The SEC Office of the Advocate for Small Business Capital Formation ("OASB") highlighted initiatives and provided recommendations to support small businesses and investors.

In its 2019 Annual Report, the OASB provided updates on small business capital formation for (i) small, emerging businesses, (ii) mature businesses and (ii) small public companies. The OASB outlined:

  • the regulatory pathways companies use to raise capital;

  • the primary types of offerings and the types of companies taking advantage of them; and

  • how and where companies utilize these offering types in industries raising the most capital.

The OASB recommended:

  • modifying the exempt offering framework to take account of modern communications technology (e.g., the internet);

  • expanding the scope of the definition of "accredited investor" to include persons who can demonstrate financial sophistication;

  • expanding the ability of registered investment companies to invest in private funds and companies;

  • allowing finders, not fully regulated as broker-dealers, to assist in raising capital;

  • facilitating crowdfunding; and

  • reducing regulatory reporting requirements for smaller, less complex companies.

Commentary

Steven Lofchie

The Advocate's report provides a good amount of data as to the various provisions under the securities laws by which issuers raise capital; i.e., Rule 506 private placements vs. registered offerings. The report both emphasizes the importance to the economy of facilitating the ability of small businesses to raise capital and the increasing difficulties of doing so; e.g., the diminution in the number of community banks and the reduced amount of research that broker-dealers produce in regard to small firms. The report also notes that small investors may complain that they are not afforded access to growing companies.

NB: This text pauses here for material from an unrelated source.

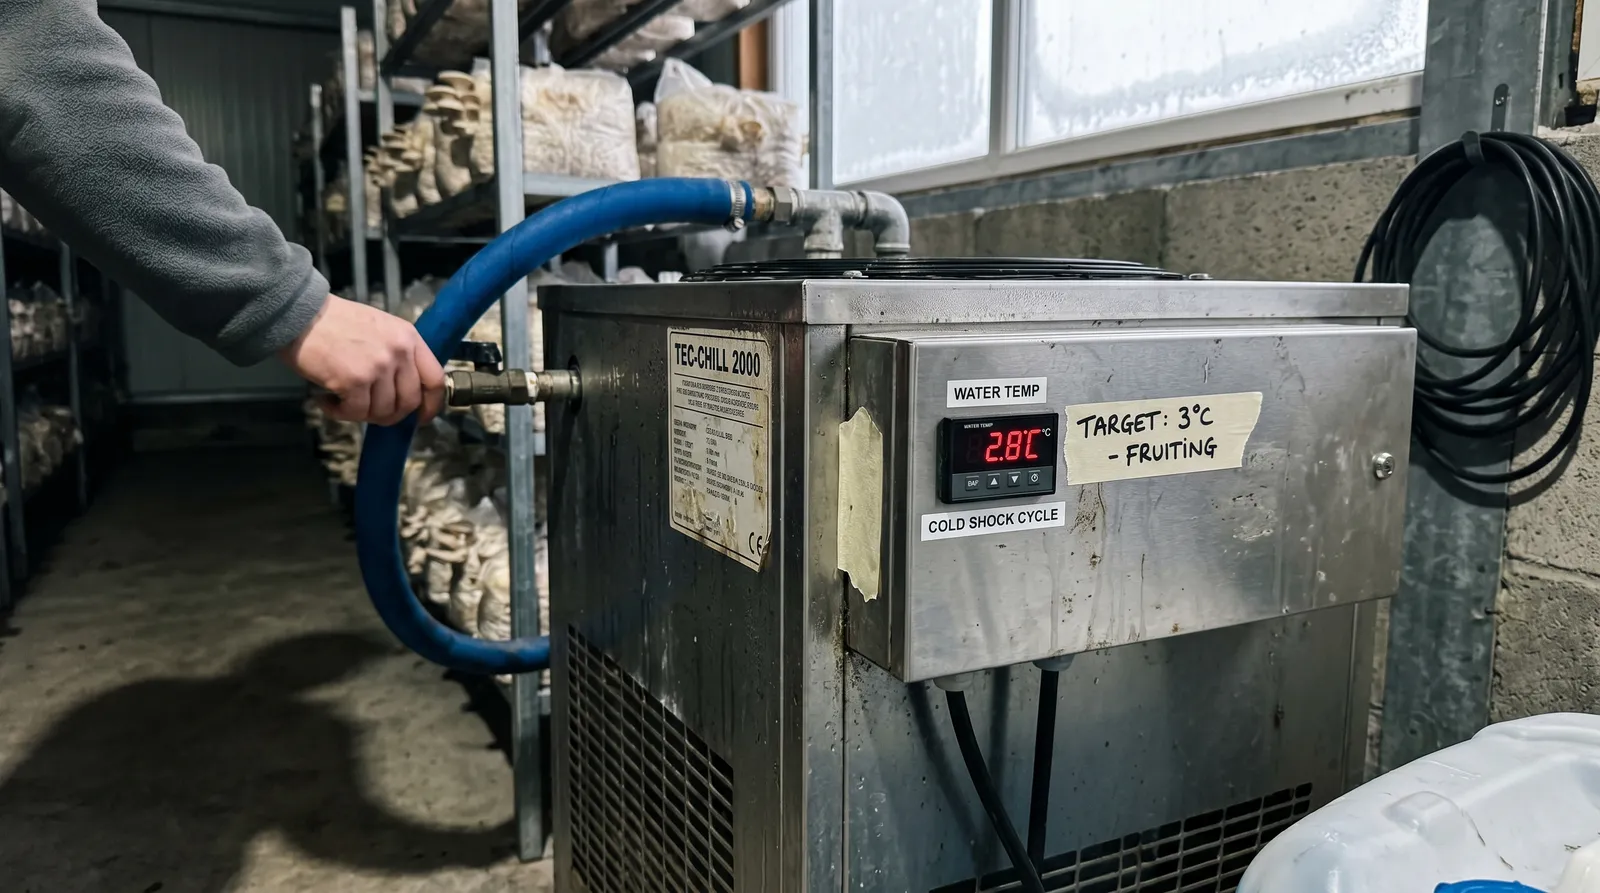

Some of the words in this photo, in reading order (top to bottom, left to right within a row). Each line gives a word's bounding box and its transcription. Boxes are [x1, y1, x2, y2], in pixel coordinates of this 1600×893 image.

The imposition of increased sales regulations on broker-dealers, during the past year (particularly Regulation Best Interest and various fiduciary obligations imposed at the state law level), would seem likely to exacerbate the difficulties faced by small businesses in raising capital. That is, broker-dealers that sell securities of small private companies to individual investors may face a greater likelihood of liability if the investments go badly; logically, broker-dealers that wish to avoid legal liability are safer directing investors to large companies and to diversified public funds. This may not be a bad thing, all in all, but it is inconsistent with any policy of funding startups.

If the SEC and Congress wish to encourage investments by individuals in startups, they should consider how to modify the securities (and perhaps the banking) regulations to do so. This would require acknowledging that allowing small investors to invest in small business exposes those investors to greater risks of loss. One solution proposed in the report, which seems quite feasible, is to modify the laws or regulations governing SEC-registered investment companies so that they can more readily invest in startups. While the Advocate concedes that channeling small investors through an investment fund subjects these investors to an additional level of ongoing fees, the recommendation does have the potential to provide additional investor protections. Broker-dealers will not be subject to the same level of suitability liability if they can direct investors to regulated funds that invest in startups, as opposed to marketing the startups directly.

Although the Advocate does not make any recommendations as to the regulations governing investment research, she does note that most exchange-traded companies with less than $100 million in market capitalization have no research coverage (at page 25). This is a problem that requires a significant SEC study, as the current rules provide no reasonable way for a broker-dealer that would devote significant resources to research on small companies to make money on that research. The SEC needs to think outside of its box on this.

Finally, Congress should consider allowing community banks to act as securities brokers in selling the securities of small businesses. The community banks need a way to generate more revenue and the small businesses need to find agents willing to raise money for them: who better than the community banks that make loans to them?